▶ _PROBLEM TO SOLVE_: Keep the images out and set the listing below down word for word.

═══ INPUT FOR THIS TASK ═══

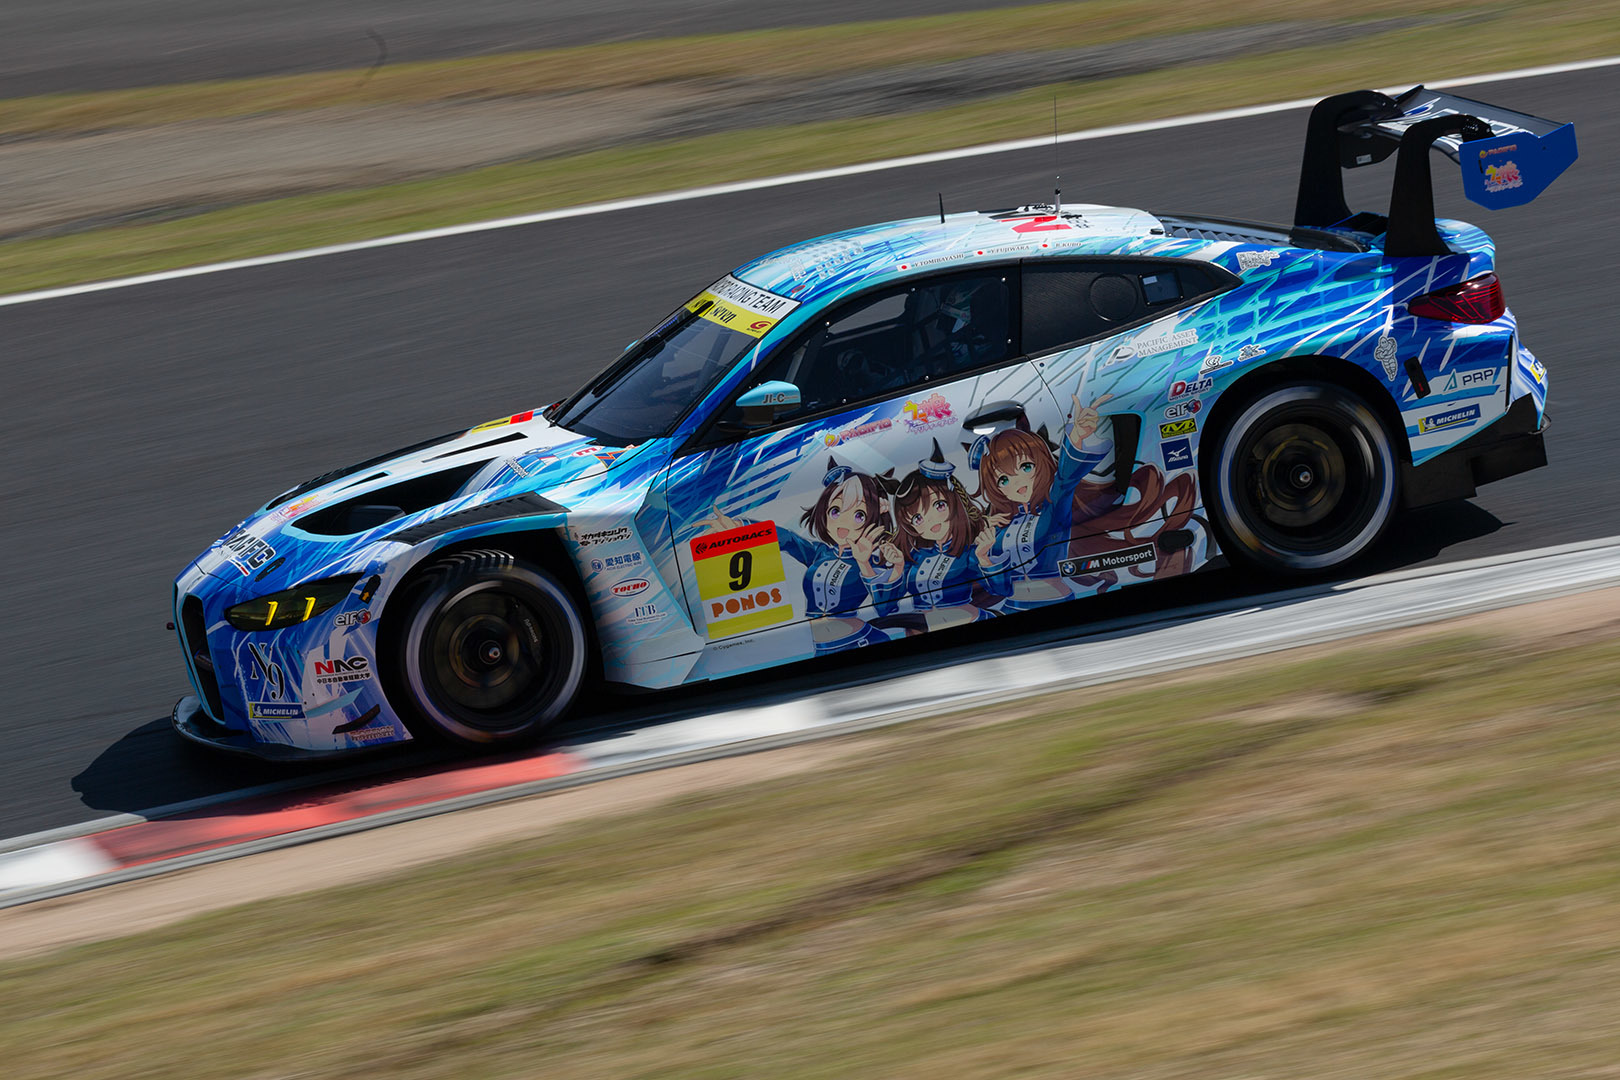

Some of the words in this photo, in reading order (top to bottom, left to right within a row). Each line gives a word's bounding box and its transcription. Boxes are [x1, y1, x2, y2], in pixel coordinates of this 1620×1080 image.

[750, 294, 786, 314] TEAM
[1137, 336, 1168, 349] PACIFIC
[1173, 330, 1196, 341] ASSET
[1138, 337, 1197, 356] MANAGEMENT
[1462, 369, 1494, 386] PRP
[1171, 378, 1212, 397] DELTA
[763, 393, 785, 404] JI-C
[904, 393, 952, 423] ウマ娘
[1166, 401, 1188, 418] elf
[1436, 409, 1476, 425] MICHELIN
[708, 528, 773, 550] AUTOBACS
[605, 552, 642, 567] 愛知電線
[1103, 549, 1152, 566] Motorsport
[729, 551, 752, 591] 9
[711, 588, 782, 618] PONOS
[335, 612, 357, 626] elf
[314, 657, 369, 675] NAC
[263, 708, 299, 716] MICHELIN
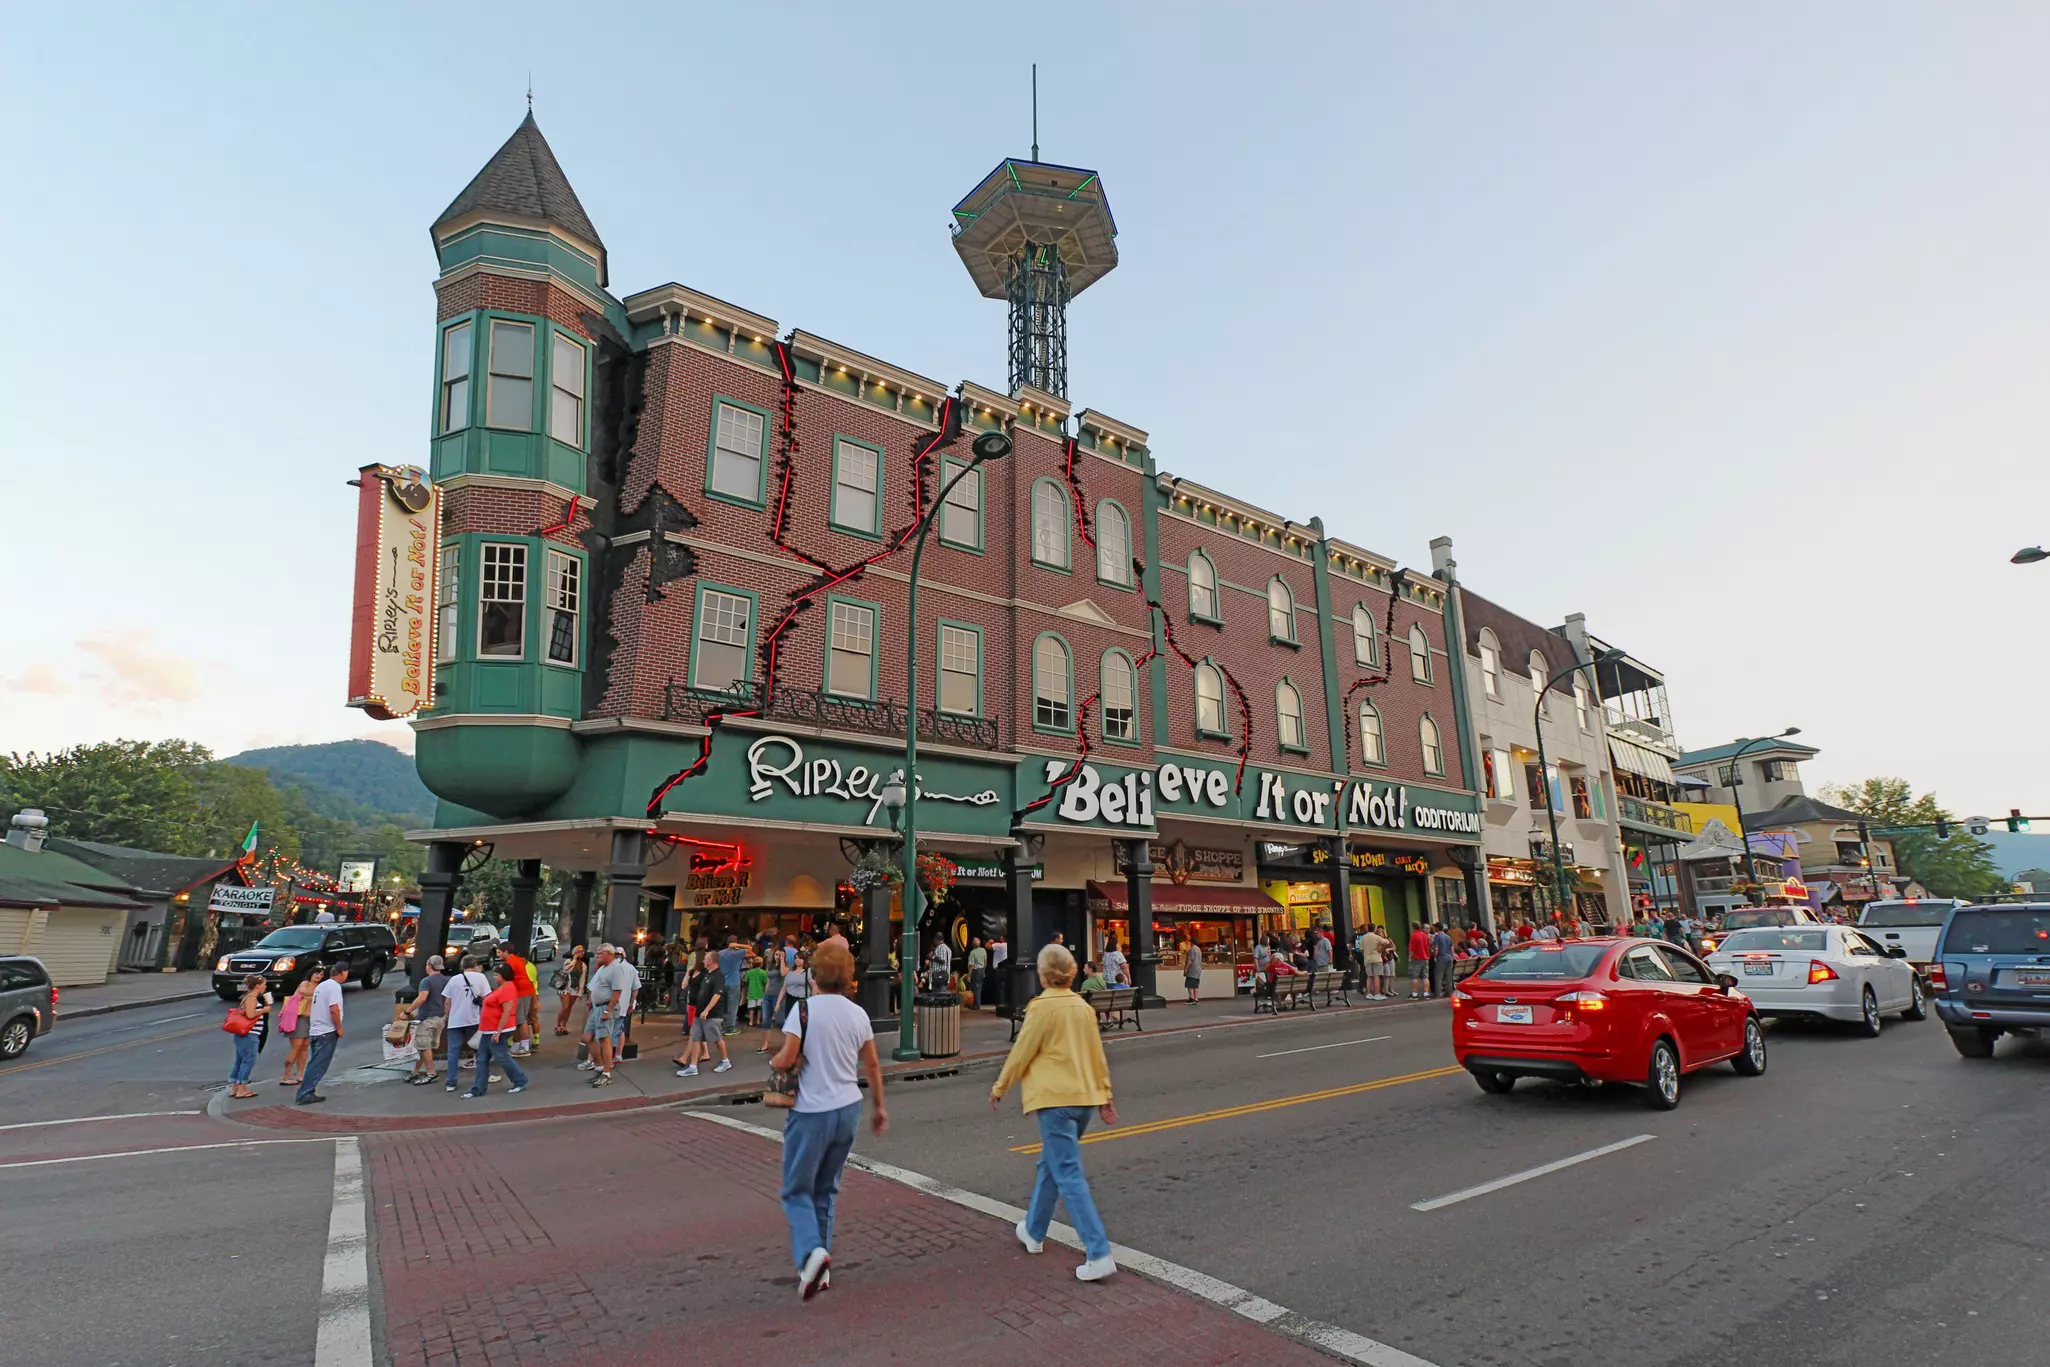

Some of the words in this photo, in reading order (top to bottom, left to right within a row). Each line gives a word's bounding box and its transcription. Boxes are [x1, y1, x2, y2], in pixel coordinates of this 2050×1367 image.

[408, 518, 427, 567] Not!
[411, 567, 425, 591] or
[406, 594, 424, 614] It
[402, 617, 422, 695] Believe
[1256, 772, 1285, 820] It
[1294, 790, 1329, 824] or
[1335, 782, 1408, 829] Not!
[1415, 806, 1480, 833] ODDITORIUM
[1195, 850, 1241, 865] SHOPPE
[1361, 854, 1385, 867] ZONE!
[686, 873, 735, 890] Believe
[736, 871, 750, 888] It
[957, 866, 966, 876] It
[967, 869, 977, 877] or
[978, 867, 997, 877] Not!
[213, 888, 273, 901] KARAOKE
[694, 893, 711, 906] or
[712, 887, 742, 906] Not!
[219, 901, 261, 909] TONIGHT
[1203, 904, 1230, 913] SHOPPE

═══

▶ _RESPONSE_:
Some of the words in this photo, in reading order (top to bottom, left to right within a row). Each line gives a word's bounding box and its transcription. Boxes are [x1, y1, x2, y2], in pixel coordinates of this 1620×1080 image.

[750, 294, 786, 314] TEAM
[1137, 336, 1168, 349] PACIFIC
[1173, 330, 1196, 341] ASSET
[1138, 337, 1197, 356] MANAGEMENT
[1462, 369, 1494, 386] PRP
[1171, 378, 1212, 397] DELTA
[763, 393, 785, 404] JI-C
[904, 393, 952, 423] ウマ娘
[1166, 401, 1188, 418] elf
[1436, 409, 1476, 425] MICHELIN
[708, 528, 773, 550] AUTOBACS
[605, 552, 642, 567] 愛知電線
[1103, 549, 1152, 566] Motorsport
[729, 551, 752, 591] 9
[711, 588, 782, 618] PONOS
[335, 612, 357, 626] elf
[314, 657, 369, 675] NAC
[263, 708, 299, 716] MICHELIN

Some of the words in this photo, in reading order (top to bottom, left to right within a row). Each line gives a word's bounding box and its transcription. Boxes are [x1, y1, x2, y2], in pixel coordinates of this 2050×1367 image.

[408, 518, 427, 567] Not!
[411, 567, 425, 591] or
[406, 594, 424, 614] It
[402, 617, 422, 695] Believe
[1256, 772, 1285, 820] It
[1294, 790, 1329, 824] or
[1335, 782, 1408, 829] Not!
[1415, 806, 1480, 833] ODDITORIUM
[1195, 850, 1241, 865] SHOPPE
[1361, 854, 1385, 867] ZONE!
[686, 873, 735, 890] Believe
[736, 871, 750, 888] It
[957, 866, 966, 876] It
[967, 869, 977, 877] or
[978, 867, 997, 877] Not!
[213, 888, 273, 901] KARAOKE
[694, 893, 711, 906] or
[712, 887, 742, 906] Not!
[219, 901, 261, 909] TONIGHT
[1203, 904, 1230, 913] SHOPPE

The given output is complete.